I delved a bit deeper and tried messing with everything related to "Family" and "Contacts", and it seems that the culprit is (was?) multifaceted but centered in "The local-part of a mailbox MUST BE treated as case sensitive." from RFC-5321. Apple respects this, but few other contact frameworks do. This lead to: collisions with both Nextcloud and Google contacts, which seems to cause a lot of synchronisation activity and caused linked / merged contacts to split up. issues with Messages.app since Messages + Contacts respects capitalisation in email-addresses. I.e., if your contact book contains an entry for the person "First Last" with the email First.Last@.. and you receive an iMessage from first.last@.. the message will not be connected to the contact.
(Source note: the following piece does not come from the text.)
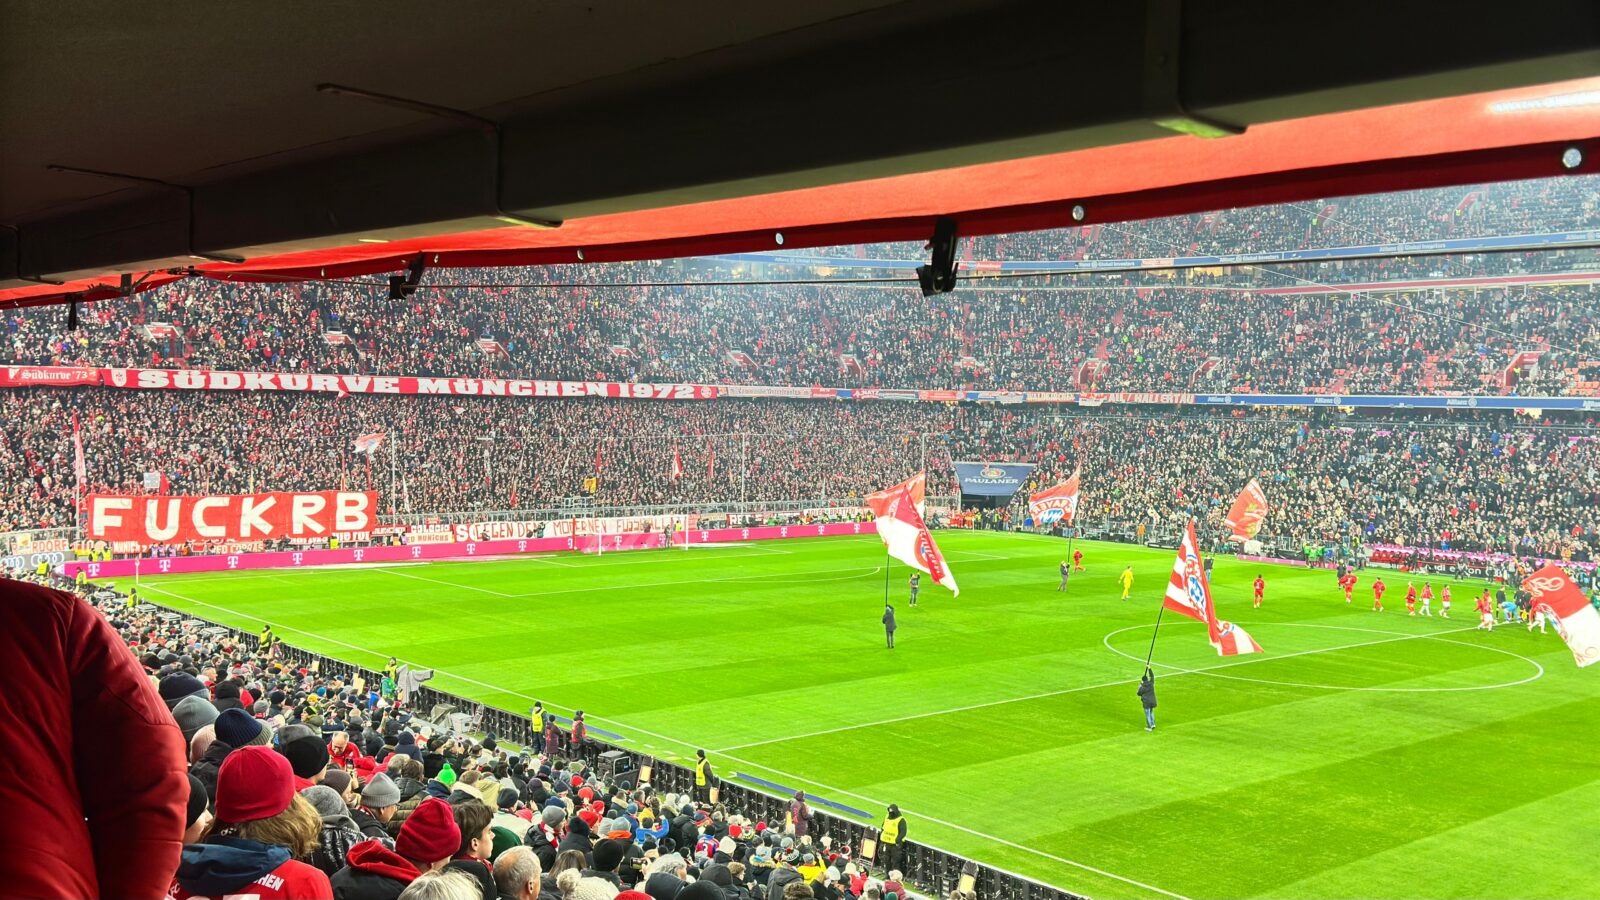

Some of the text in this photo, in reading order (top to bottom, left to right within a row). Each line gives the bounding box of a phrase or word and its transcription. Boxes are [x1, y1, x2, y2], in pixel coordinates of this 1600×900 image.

[21, 369, 70, 380] Südkurve
[138, 369, 695, 399] SÜDKURVE MÜNCHEN 1972
[93, 492, 369, 541] FUCK RB
This cause quite weird behaviour in group chats (Apple Mail seems to handle capitalisation though). This was even worse when a family member had mismatching capitalisation of email-addresses in Contacts vs Messages in a "request to buy" family scenario. To fix it I looped through all contacts and fixed offending entries. I used the logic below: for f in ${HOME}/Library/Application\ Support/AddressBook/Sources/*/Metadata/*ABPerson.abcdp; do # Check for the presence of email if plutil -convert raw -o - $f |ggrep -q "^Email$"; then ## This contact has at least one email NREMAIL=$(plutil -extract Email.labels raw -o - $f) ## Loop over emails etc and check for weird stuff ## ... magic sauce ... fi done I can share the actual script if someone wants it, but I don't want to post it here since it potentially could mess up the contact book. I still don't understand Sandbox Violations for system services, especially how to debug them, but this seemed to have solved the actual symptoms, i.e. massive CPU-usage, for me.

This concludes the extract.